Les grèves et les manifestations ont fini par payer. "Au total, (…) ce sont 100 millions supplémentaires par an pour la psychiatrie et la santé mentale, dès cette année", a expliqué la ministre de la Santé Agnès Buzyn au Congrès de l’encéphale, reconnaissant "les impatiences légitimes" des professionnels de santé venus l’écouter. "J’ai dit dès ma prise de fonction que la psychiatrie était le parent pauvre de notre système de santé", a-t-elle justifié jeudi 24 janvier.
Cet argent va servir à...
Dans le détail, 40 millions d’euros seront débloqués cette année pour les mesures dévoilées en juin par le gouvernement. Ils viennent s’ajouter aux 64 millions d’euros issus des crédits dégelés exceptionnellement dans leur intégralité en décembre 2018, ainsi qu’aux 50 millions d’euros de rallonge promis au même moment.

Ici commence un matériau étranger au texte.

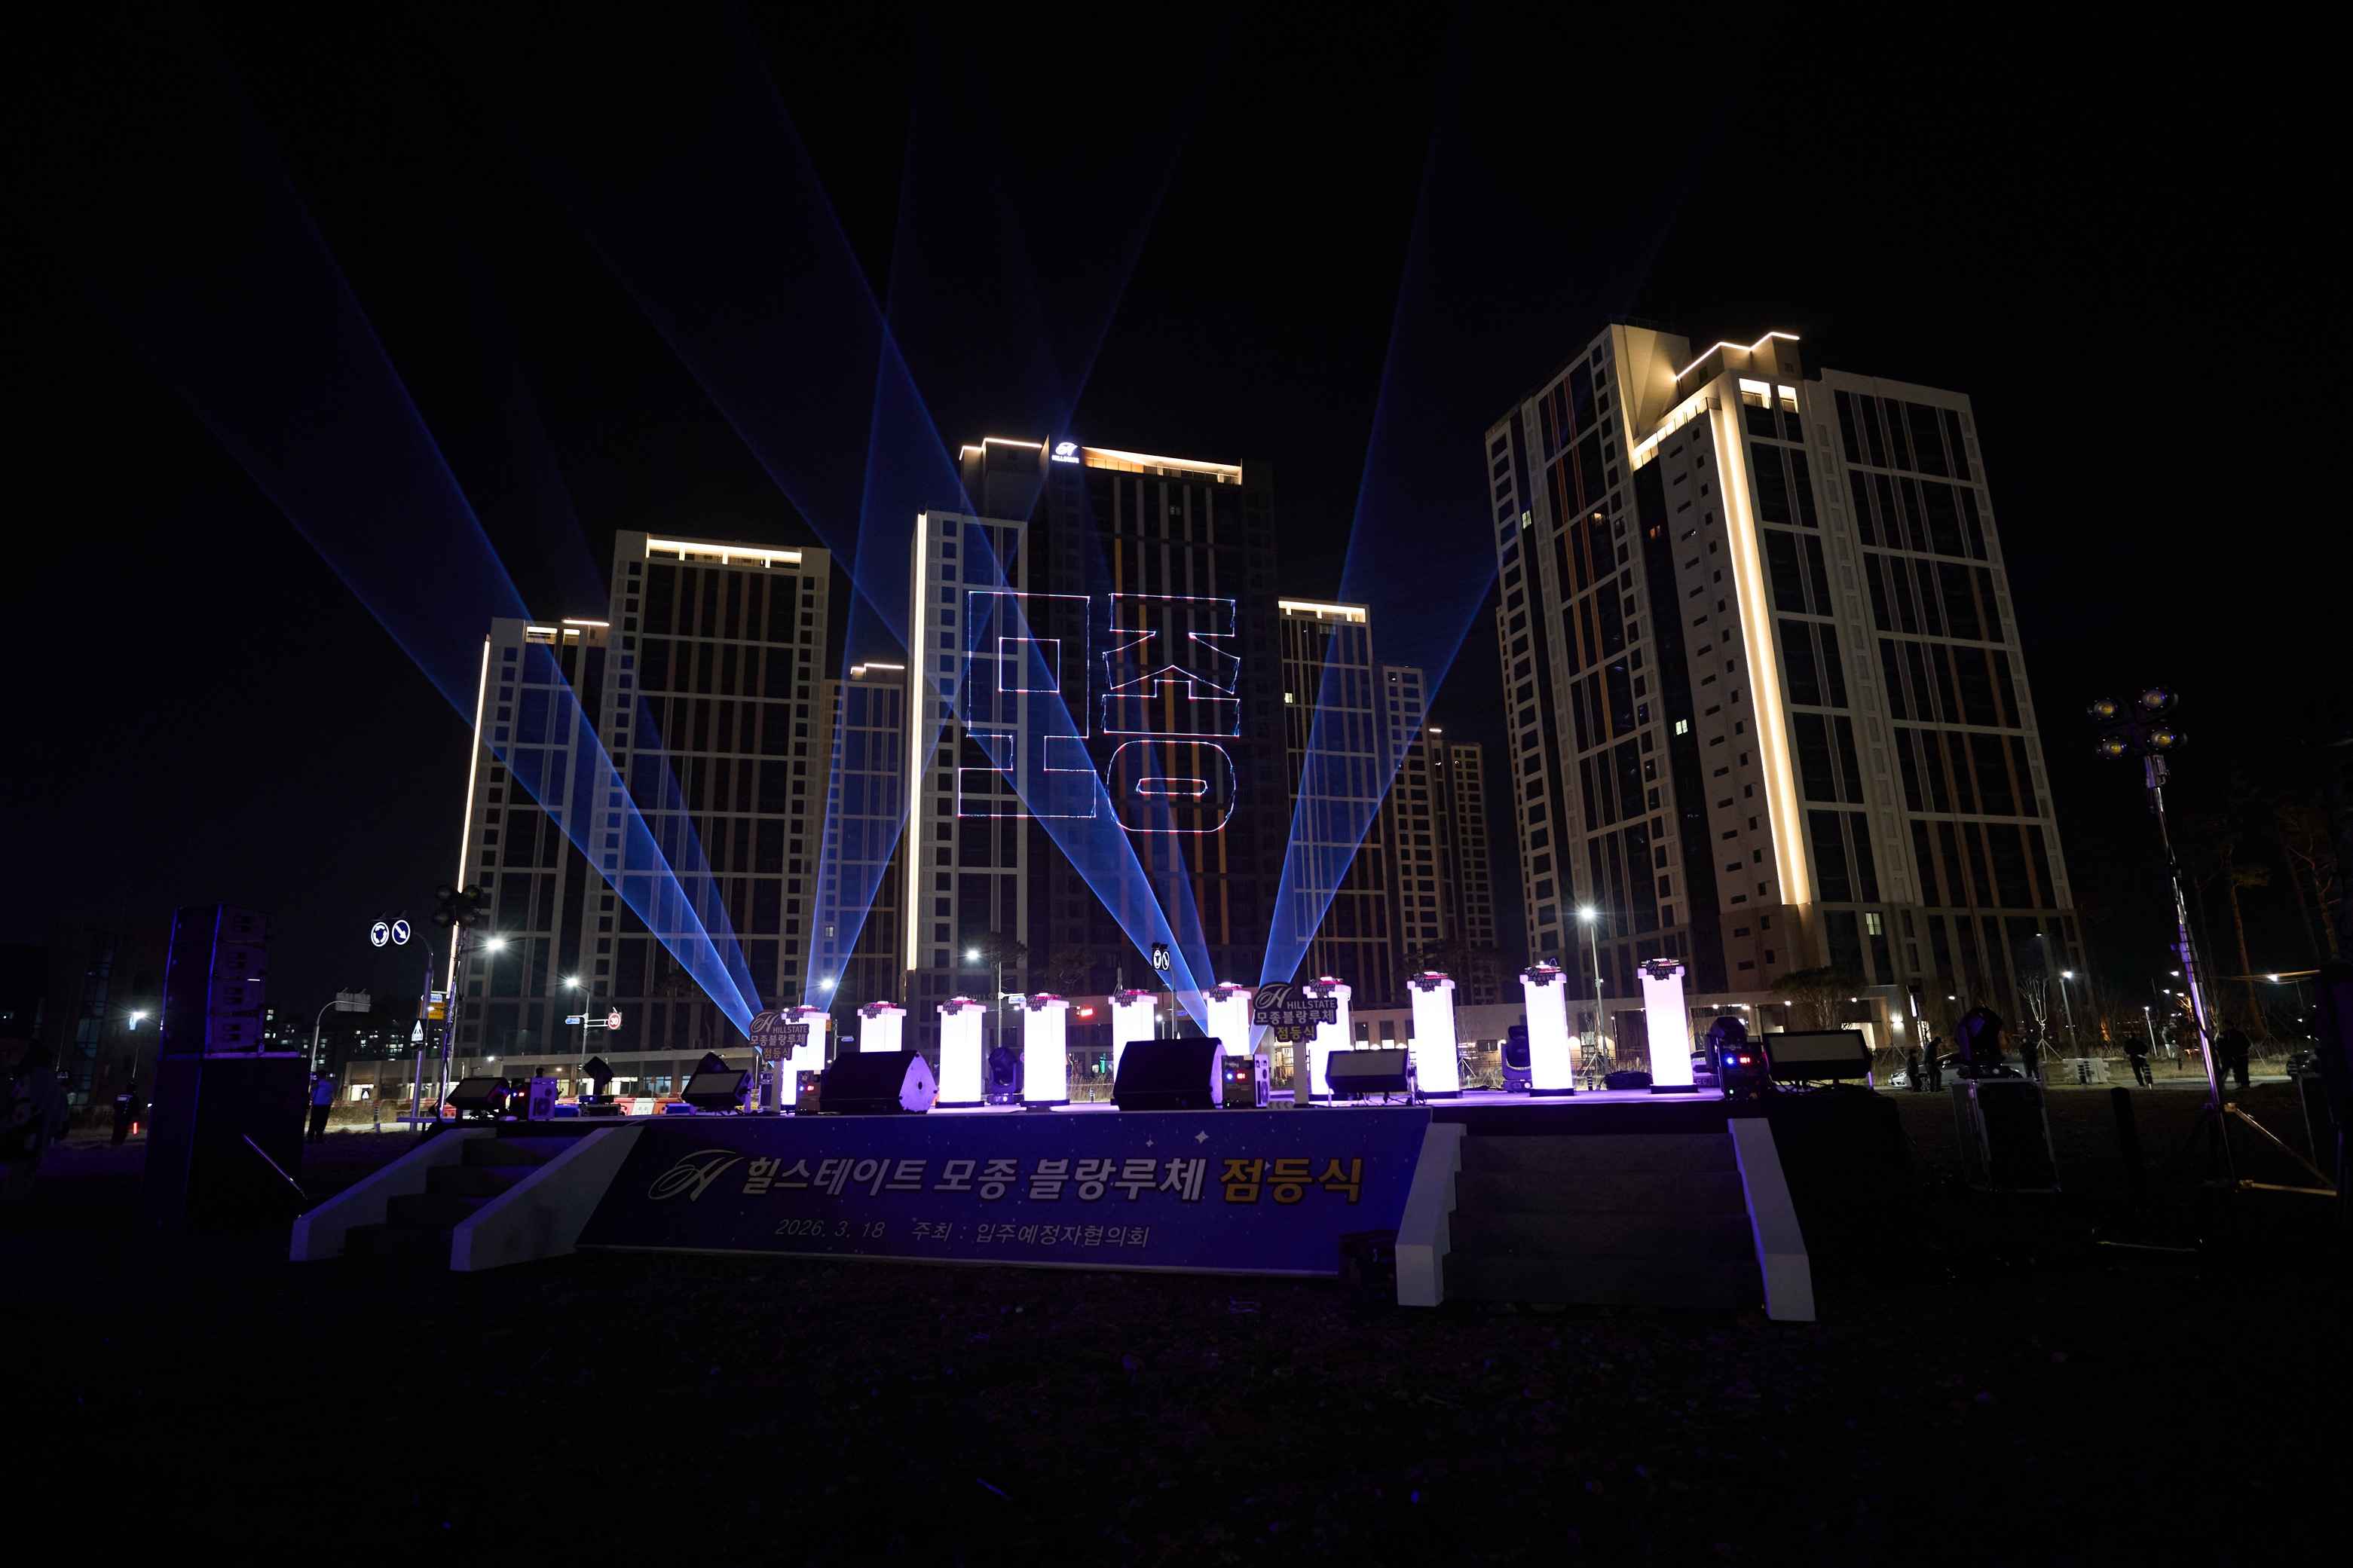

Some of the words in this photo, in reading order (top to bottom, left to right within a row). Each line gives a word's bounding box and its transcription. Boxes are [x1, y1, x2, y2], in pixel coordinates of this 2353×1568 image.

[1287, 999, 1336, 1010] HILLSTATE
[1256, 1010, 1335, 1025] 모종블랑루체
[773, 1025, 809, 1034] HILLSTATE
[1277, 1025, 1316, 1040] 점등식
[764, 1047, 791, 1059] 점등식
[742, 1157, 928, 1197] 힐스테이트
[933, 1158, 1017, 1200] 모종
[1029, 1157, 1206, 1201] 블랑루체
[1219, 1157, 1362, 1203] 점등식
[775, 1218, 826, 1237] 2026.
[834, 1219, 851, 1238] 3.
[861, 1221, 886, 1238] 18
[911, 1221, 953, 1242] 주최
[976, 1222, 1151, 1248] 입주예정자협의회
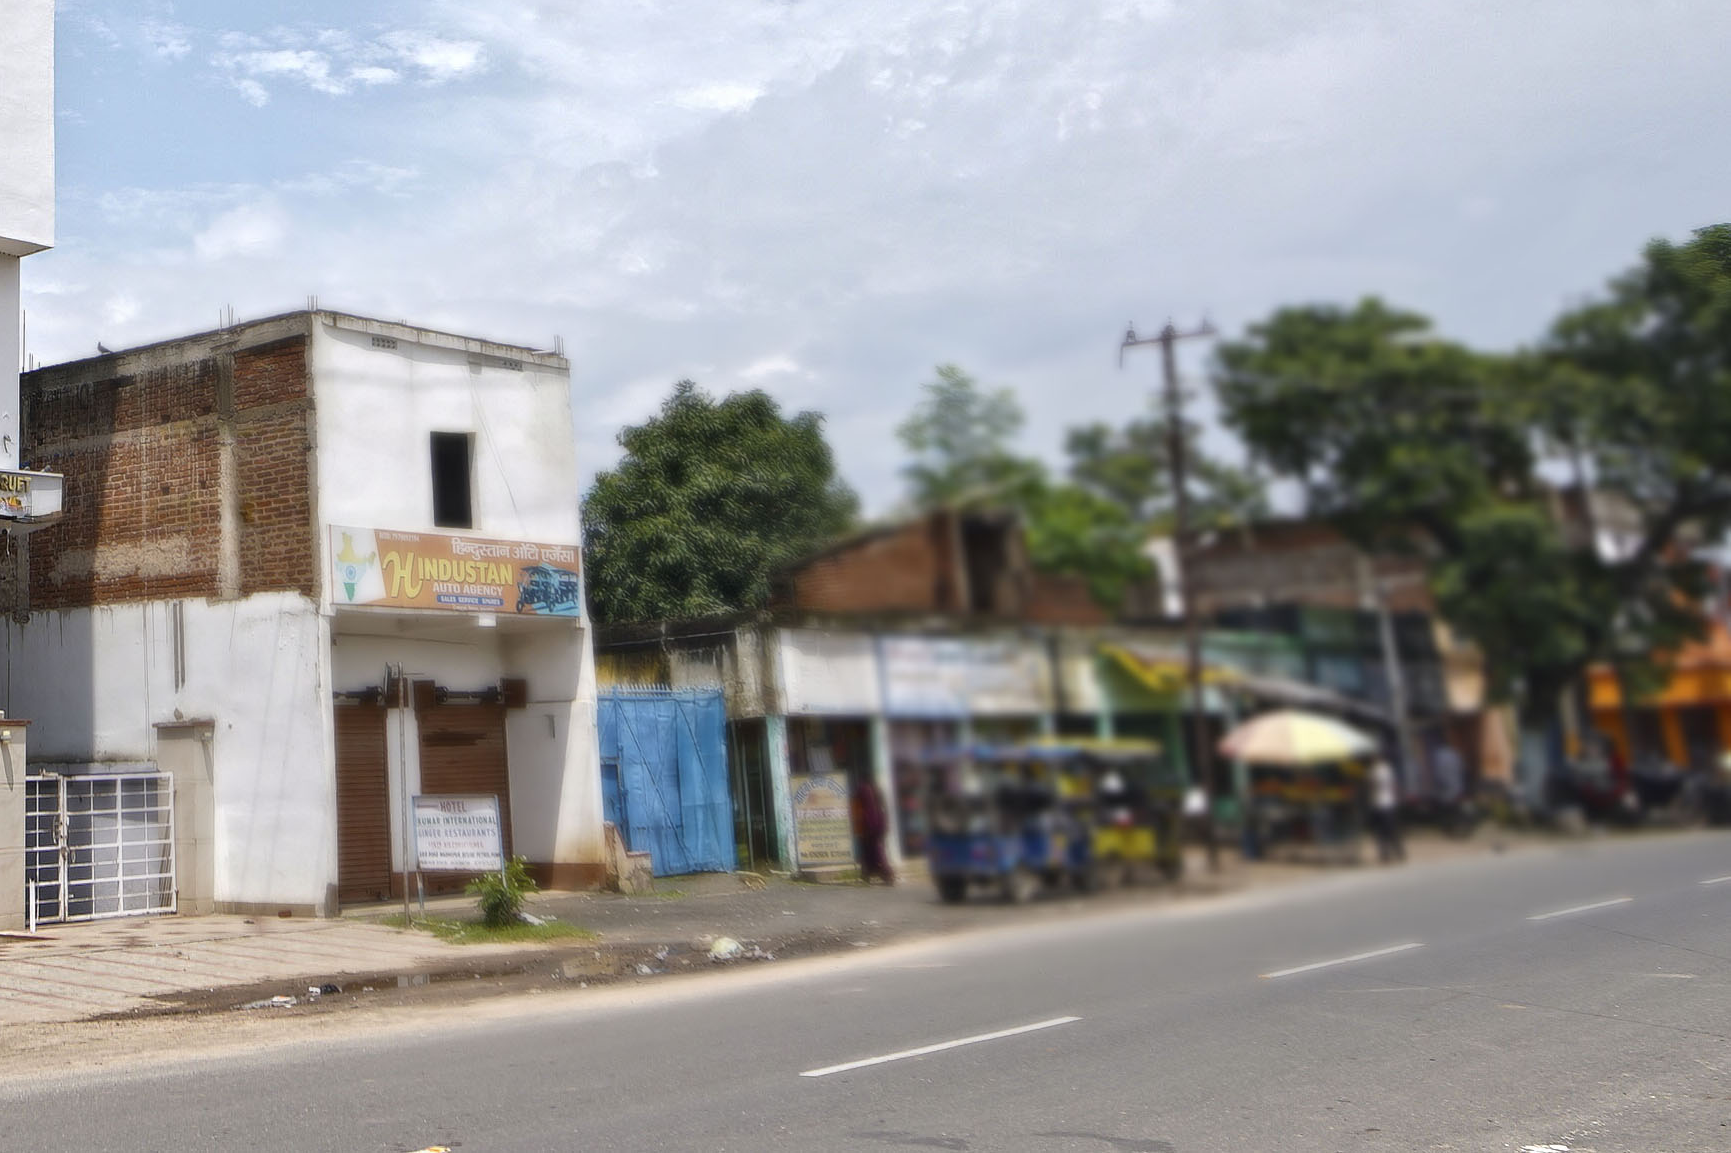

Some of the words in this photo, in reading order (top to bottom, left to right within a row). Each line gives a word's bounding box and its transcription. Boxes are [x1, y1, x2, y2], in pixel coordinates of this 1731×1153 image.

[382, 550, 513, 599] HINDUSTAN
[433, 582, 461, 594] AUTO
[463, 583, 504, 597] AGENCY
[439, 800, 468, 813] HOTEL
[443, 815, 497, 825] INTERNATIONAL
[444, 828, 496, 838] RESTAURANTS
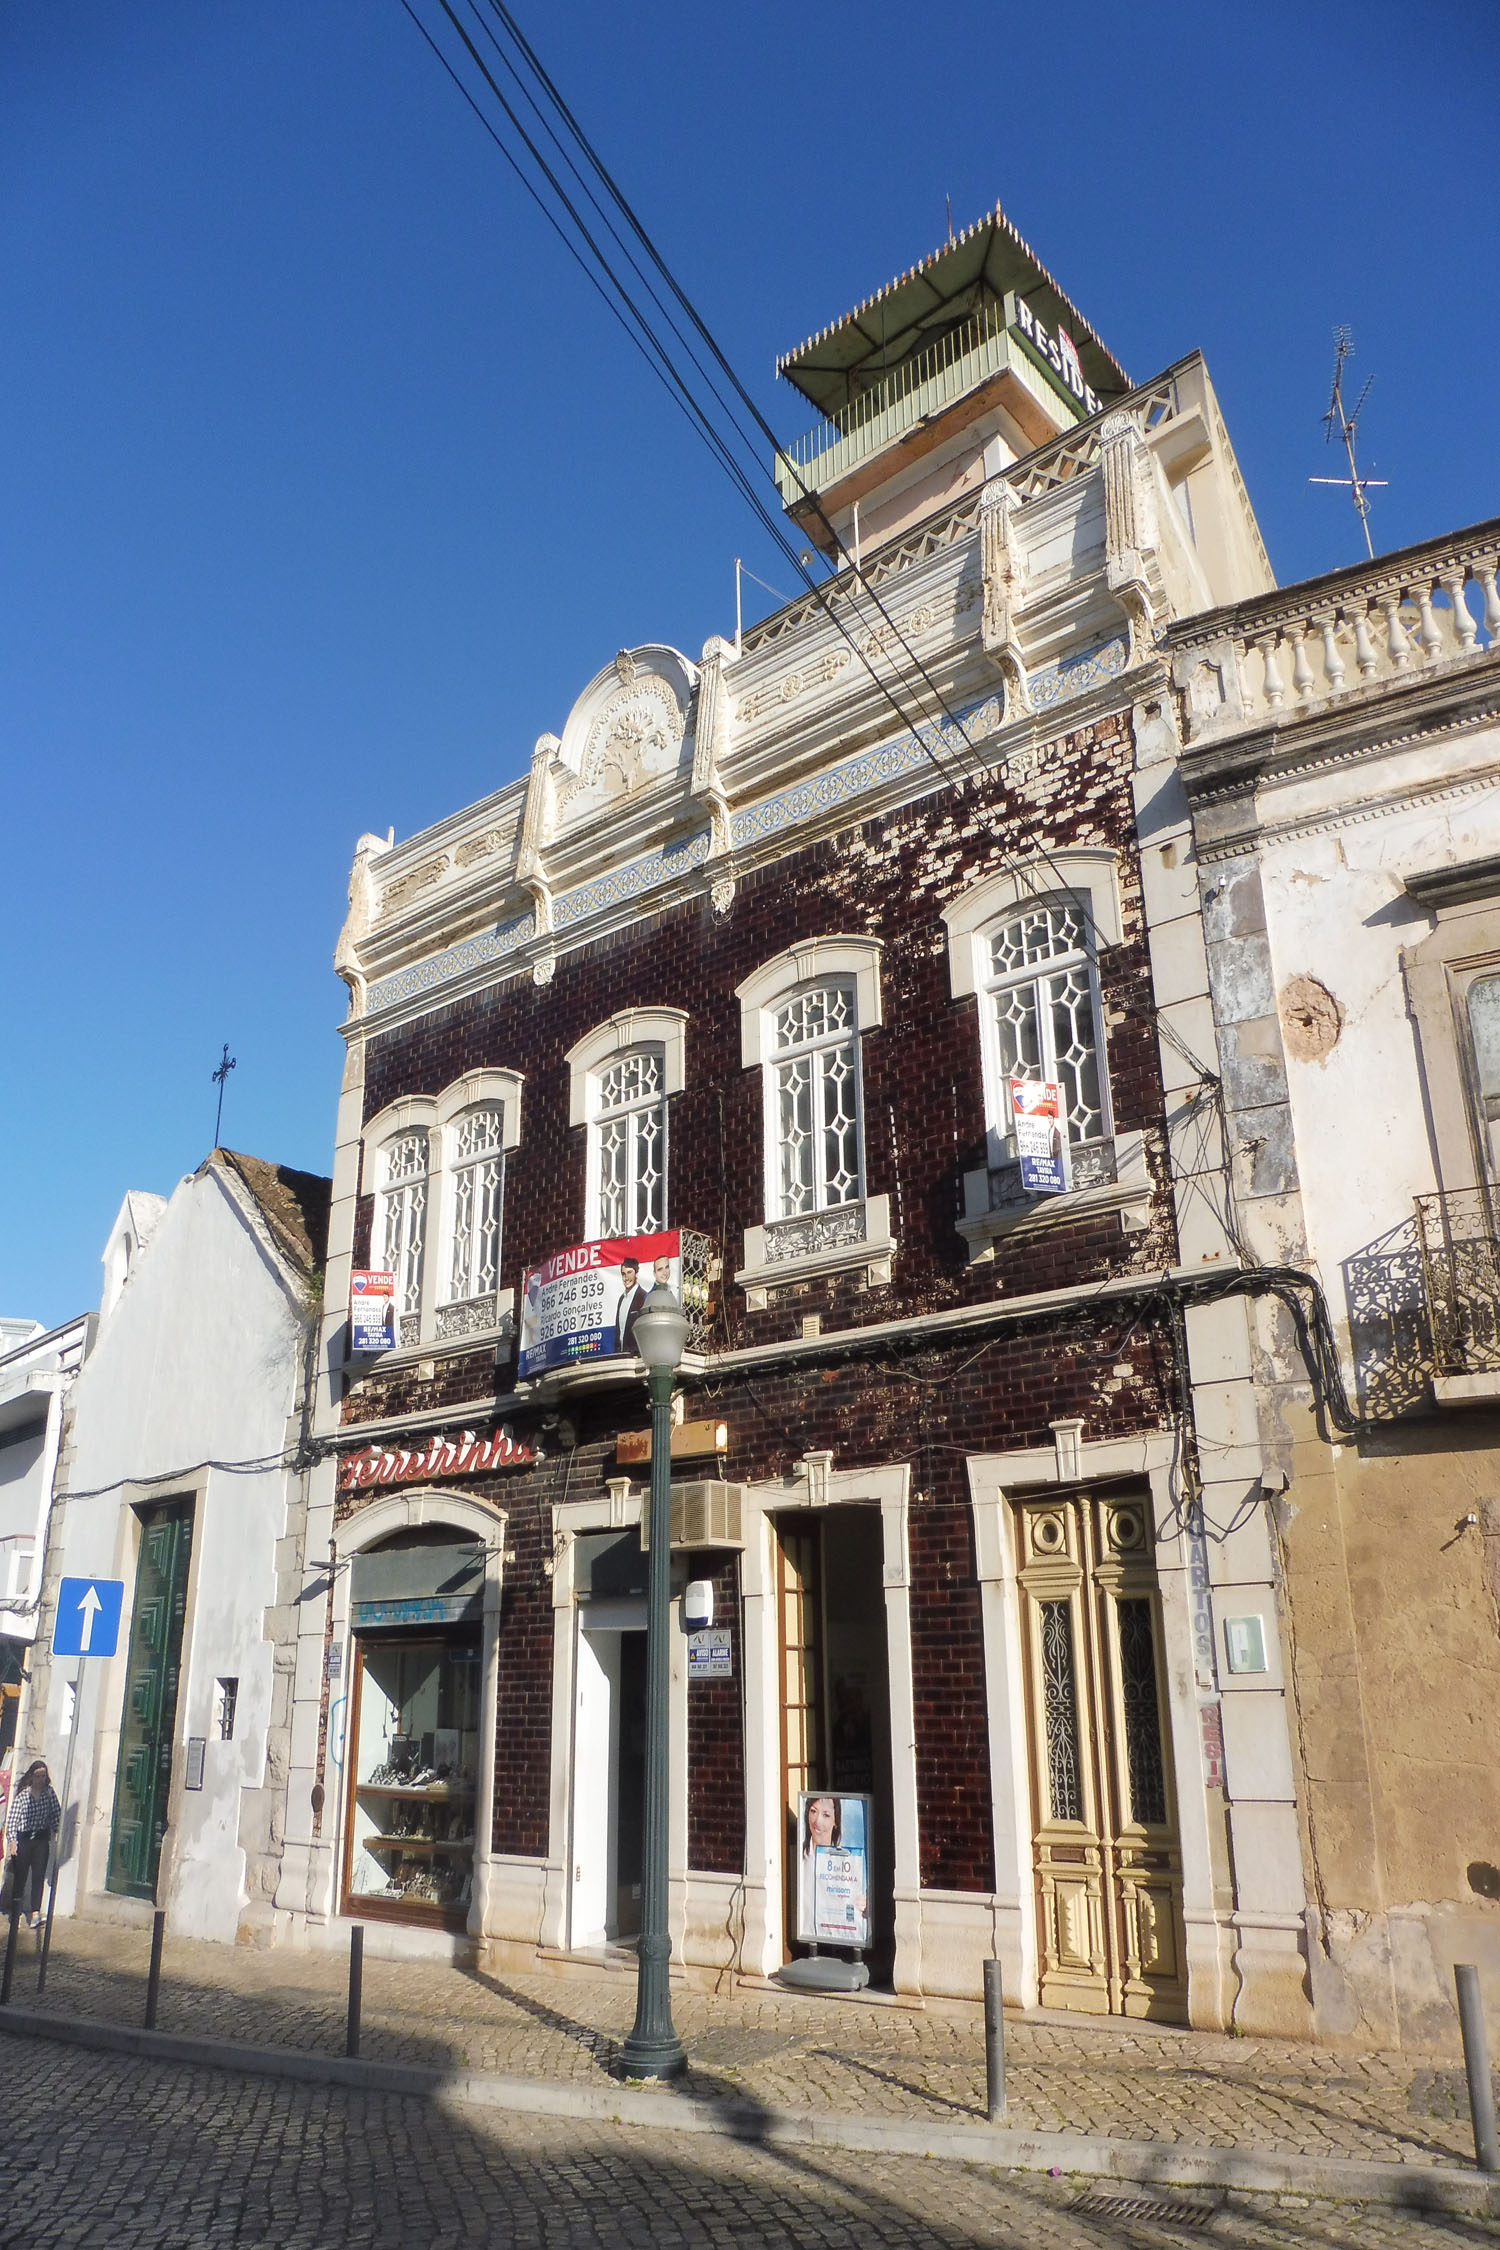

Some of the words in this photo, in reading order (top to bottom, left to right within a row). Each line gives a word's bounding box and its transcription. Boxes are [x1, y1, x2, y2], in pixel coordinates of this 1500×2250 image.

Concrètement, cet argent va servir à former des étudiants aux premiers secours en santé mentale, à mieux prévenir le suicide, développer la pédopsychiatrie, renforcer "l’offre de logement pour les personnes ayant des troubles psychiques", améliorer l’accompagnement des personnes handicapées psychiques dans leur vie professionnelle, lancer une "mission sur l’évolution des centres médico-psychologiques (CMP)", ou encore créer une formation d’infirmiers de pratique avancée en psychiatrie.
Grèves et manifestation
Mardi 22 janvier, une manifestation s’est organisée place de la République à Paris pour dénoncer le manque de moyens en psychiatrie. Plusieurs collectifs de patients et de soignants du secteur de la santé mentale sont à l’origine du mouvement, comme l'Union syndicale de la psychiatrie (USP), les syndicats SUD et CGT ou encore le Collectif 39.
Ils alertaient sur la "banalisation des pratiques d'isolement et de contention qui se sont multipliées au cours des vingt dernières années", et militaient pour améliorer les conditions de soins et de travail. L’idée était aussi de permettre la convergence des nombreuses grèves qui ont lieu dans différents hôpitaux, comme récemment à Amiens, Rouen ou au Havre. A l’heure actuelle, une dizaine d’hôpitaux psychiatriques connaissent des mouvements suivis de mobilisations.
Une situation dramatique
"On veut suffisamment de personnels pour pouvoir écouter les patients et éviter des situations dramatiques où l'on se retrouve contraints de les enfermer, de les contentionner", affirme dans Le Figaro Oriane Cayard, infirmière au GHU Paris psychiatrie et neurosciences. "Quand j'ai commencé en psychiatrie il y a 14 ans, les conditions n'étaient déjà pas top, mais je connaissais les patients, ils me connaissaient, j'arrivais à anticiper les situations de crise. Maintenant on n'arrive plus à retenir leur nom de famille", critique-t-elle.
Cela fait longtemps que la situation des soins psychiatriques est jugée catastrophique en France. "Plus de 25% des postes de psychiatres dans les hôpitaux ne sont pas pourvus. (...) La situation est tendue et dramatique", a déclaré le président de l'USP Pascal Boissel dans Libération.